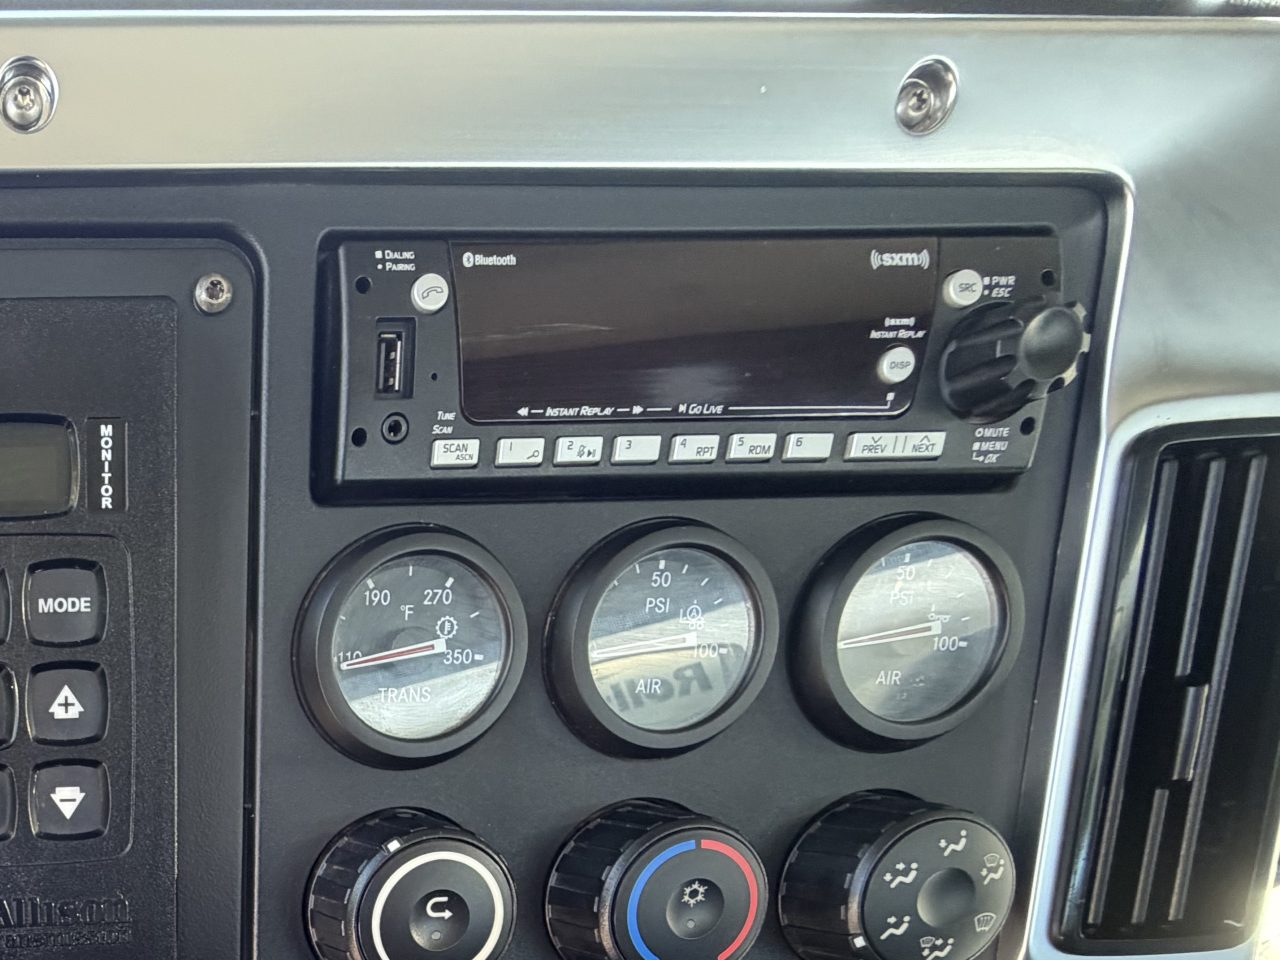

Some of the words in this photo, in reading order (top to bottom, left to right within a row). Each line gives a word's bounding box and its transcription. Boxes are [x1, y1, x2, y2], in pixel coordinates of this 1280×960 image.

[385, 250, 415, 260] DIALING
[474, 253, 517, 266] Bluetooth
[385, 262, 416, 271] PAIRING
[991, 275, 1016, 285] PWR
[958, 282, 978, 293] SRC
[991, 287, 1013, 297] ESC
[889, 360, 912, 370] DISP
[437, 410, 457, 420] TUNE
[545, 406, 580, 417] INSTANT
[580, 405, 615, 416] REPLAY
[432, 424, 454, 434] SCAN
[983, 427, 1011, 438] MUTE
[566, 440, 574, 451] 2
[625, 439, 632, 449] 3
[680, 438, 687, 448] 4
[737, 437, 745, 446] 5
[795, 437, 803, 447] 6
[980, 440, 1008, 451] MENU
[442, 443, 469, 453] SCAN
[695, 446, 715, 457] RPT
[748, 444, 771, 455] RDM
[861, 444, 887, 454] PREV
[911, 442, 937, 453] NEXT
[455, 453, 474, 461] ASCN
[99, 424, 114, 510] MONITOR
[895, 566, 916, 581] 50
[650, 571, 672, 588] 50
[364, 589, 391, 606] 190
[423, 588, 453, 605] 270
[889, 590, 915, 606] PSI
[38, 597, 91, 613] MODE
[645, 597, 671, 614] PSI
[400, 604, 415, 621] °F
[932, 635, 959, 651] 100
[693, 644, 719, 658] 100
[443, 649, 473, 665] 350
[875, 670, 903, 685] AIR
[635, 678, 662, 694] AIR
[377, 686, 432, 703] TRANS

================================

Each record should be printed again precisely, though not its pictures.

Some of the words in this photo, in reading order (top to bottom, left to right within a row). Each line gives a word's bounding box and its transcription. Boxes are [x1, y1, x2, y2], in pixel coordinates of this 1280×960 image.

[385, 250, 415, 260] DIALING
[474, 253, 517, 266] Bluetooth
[385, 262, 416, 271] PAIRING
[991, 275, 1016, 285] PWR
[958, 282, 978, 293] SRC
[991, 287, 1013, 297] ESC
[889, 360, 912, 370] DISP
[437, 410, 457, 420] TUNE
[545, 406, 580, 417] INSTANT
[580, 405, 615, 416] REPLAY
[432, 424, 454, 434] SCAN
[983, 427, 1011, 438] MUTE
[566, 440, 574, 451] 2
[625, 439, 632, 449] 3
[680, 438, 687, 448] 4
[737, 437, 745, 446] 5
[795, 437, 803, 447] 6
[980, 440, 1008, 451] MENU
[442, 443, 469, 453] SCAN
[695, 446, 715, 457] RPT
[748, 444, 771, 455] RDM
[861, 444, 887, 454] PREV
[911, 442, 937, 453] NEXT
[455, 453, 474, 461] ASCN
[99, 424, 114, 510] MONITOR
[895, 566, 916, 581] 50
[650, 571, 672, 588] 50
[364, 589, 391, 606] 190
[423, 588, 453, 605] 270
[889, 590, 915, 606] PSI
[38, 597, 91, 613] MODE
[645, 597, 671, 614] PSI
[400, 604, 415, 621] °F
[932, 635, 959, 651] 100
[693, 644, 719, 658] 100
[443, 649, 473, 665] 350
[875, 670, 903, 685] AIR
[635, 678, 662, 694] AIR
[377, 686, 432, 703] TRANS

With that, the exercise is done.